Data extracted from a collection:
■ ■ ■ ■ ■ ■ ■
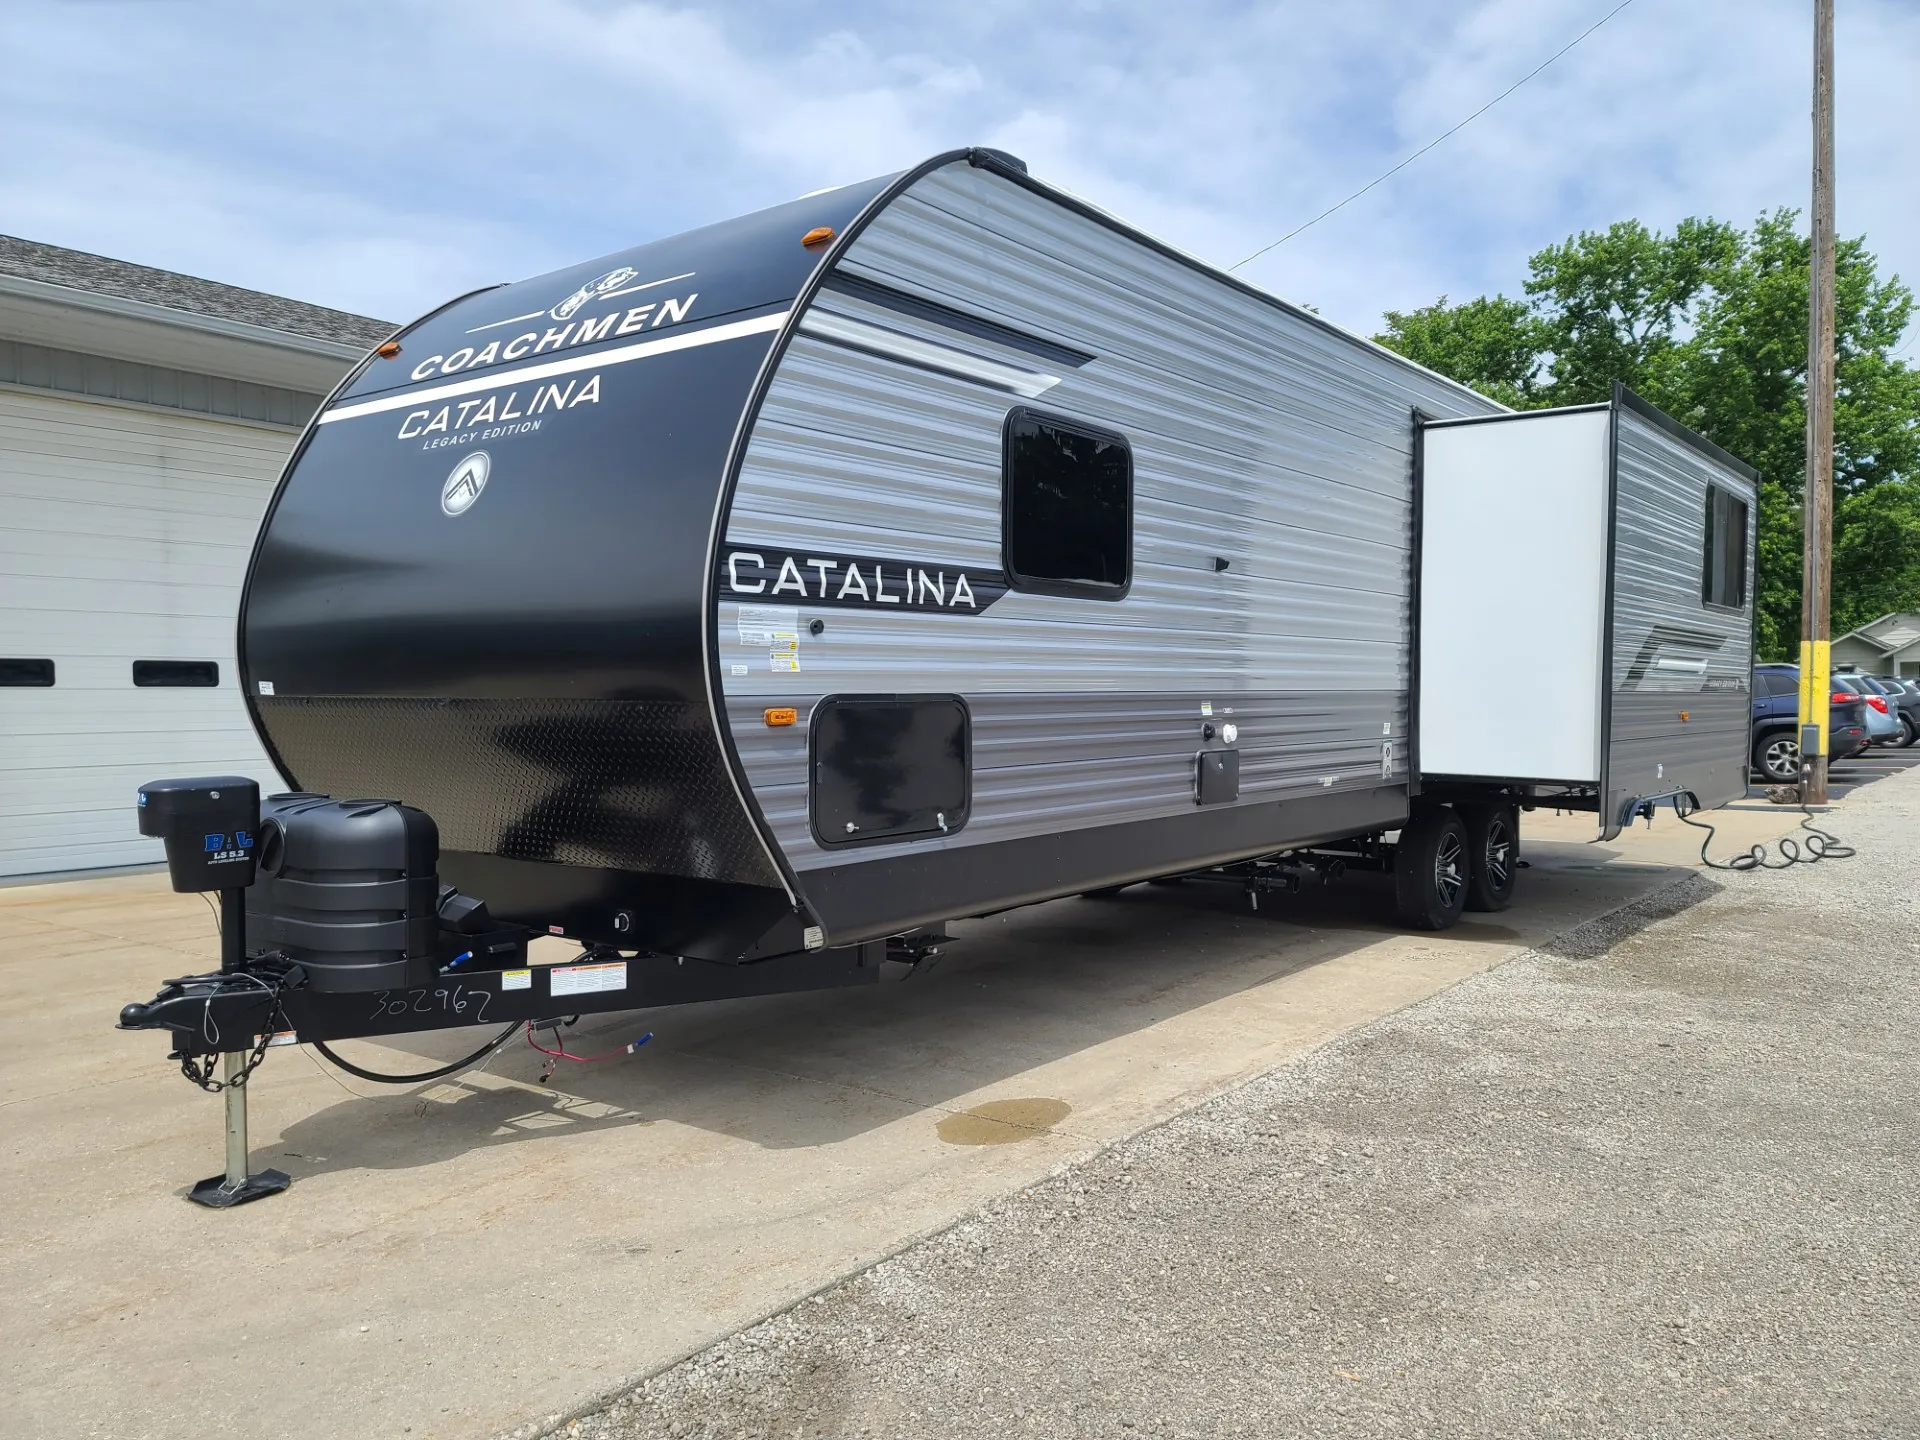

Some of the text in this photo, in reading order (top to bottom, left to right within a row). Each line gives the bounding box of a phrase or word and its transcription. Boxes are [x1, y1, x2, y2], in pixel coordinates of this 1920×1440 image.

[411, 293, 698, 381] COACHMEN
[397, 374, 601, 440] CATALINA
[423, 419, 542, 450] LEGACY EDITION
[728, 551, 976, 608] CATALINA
■ ■ ■ ■ ■ ■ ■
What needs to be done: Output all of the data exactly. Skip the pictures.

Written answer:
Some of the text in this photo, in reading order (top to bottom, left to right within a row). Each line gives the bounding box of a phrase or word and its transcription. Boxes are [x1, y1, x2, y2], in pixel coordinates of this 1920×1440 image.

[411, 293, 698, 381] COACHMEN
[397, 374, 601, 440] CATALINA
[423, 419, 542, 450] LEGACY EDITION
[728, 551, 976, 608] CATALINA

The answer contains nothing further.